-------- Record excerpts
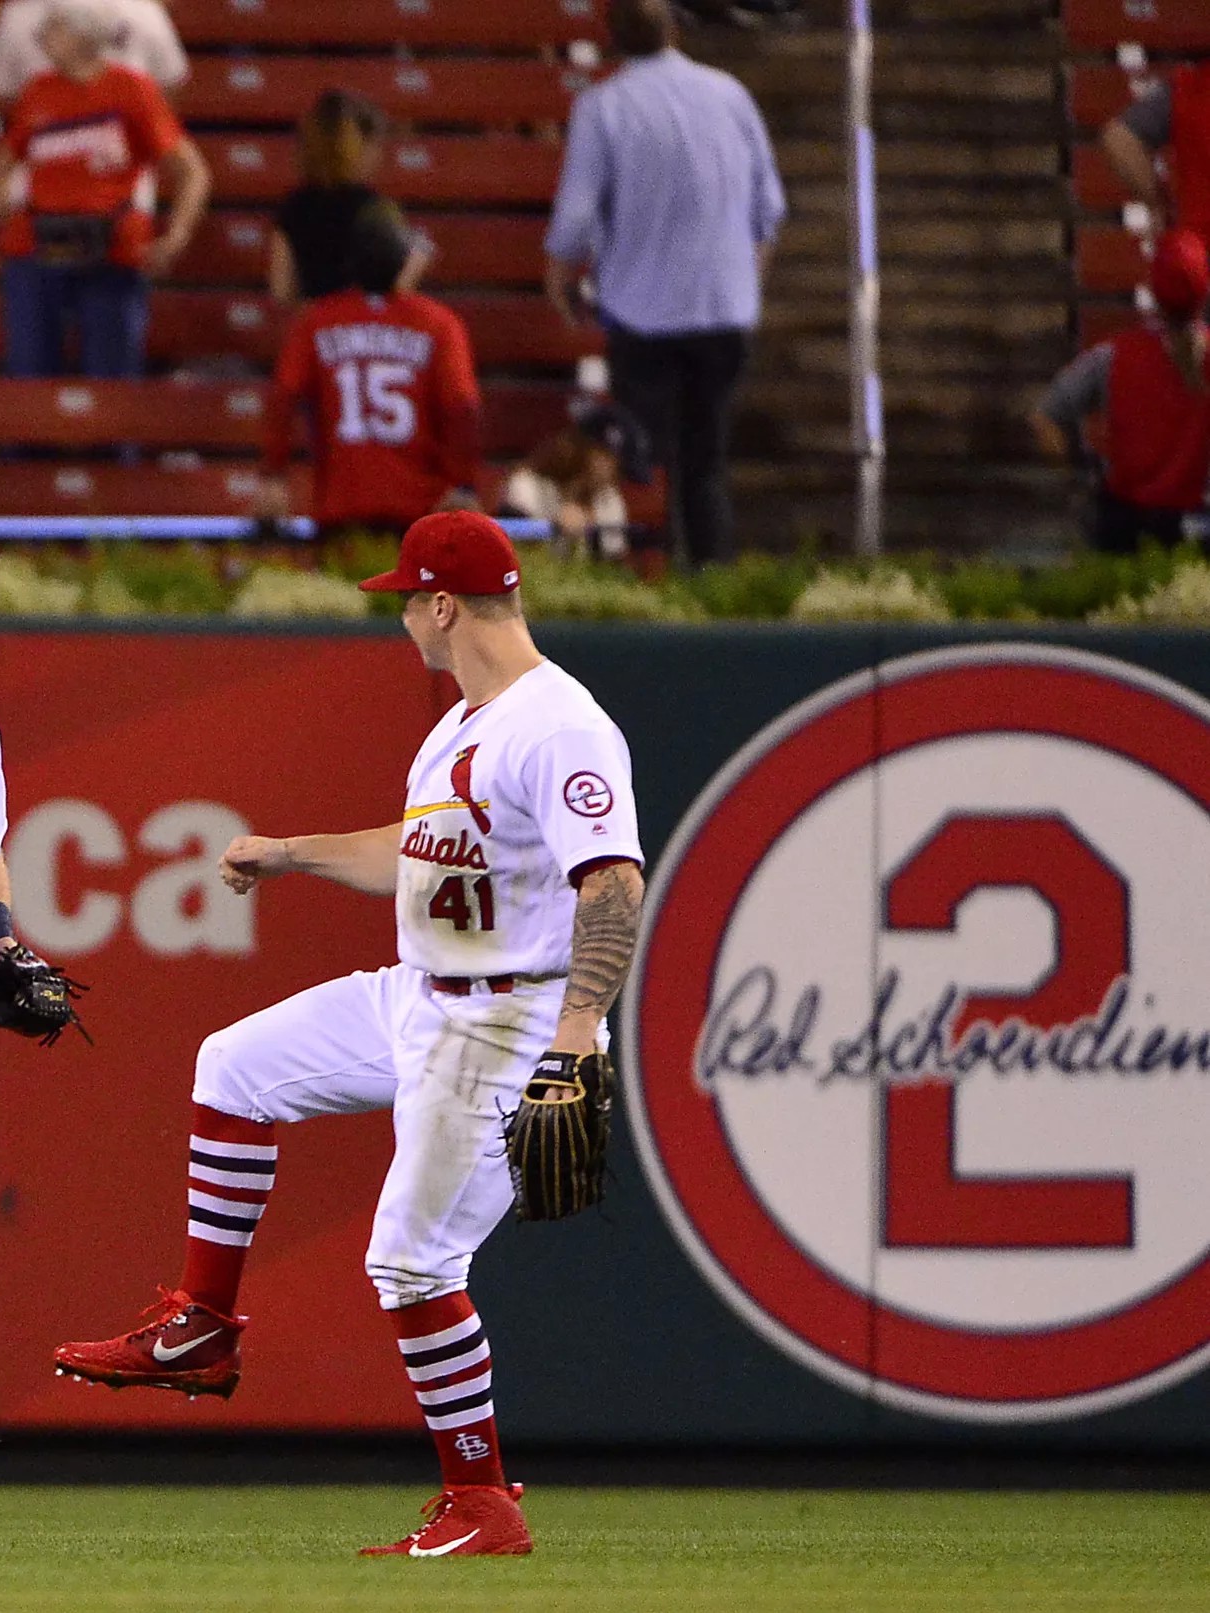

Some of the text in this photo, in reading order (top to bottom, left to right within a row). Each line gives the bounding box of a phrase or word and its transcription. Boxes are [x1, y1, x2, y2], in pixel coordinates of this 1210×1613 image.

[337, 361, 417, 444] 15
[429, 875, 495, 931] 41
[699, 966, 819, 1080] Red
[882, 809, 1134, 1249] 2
----------------
Problem requirements: Would you copy all the material exactly, dropping the pictures?

Response box:
Some of the text in this photo, in reading order (top to bottom, left to right within a row). Each line gives the bounding box of a phrase or word and its transcription. Boxes are [x1, y1, x2, y2], in pixel coordinates of this 1210×1613 image.

[337, 361, 417, 444] 15
[429, 875, 495, 931] 41
[699, 966, 819, 1080] Red
[882, 809, 1134, 1249] 2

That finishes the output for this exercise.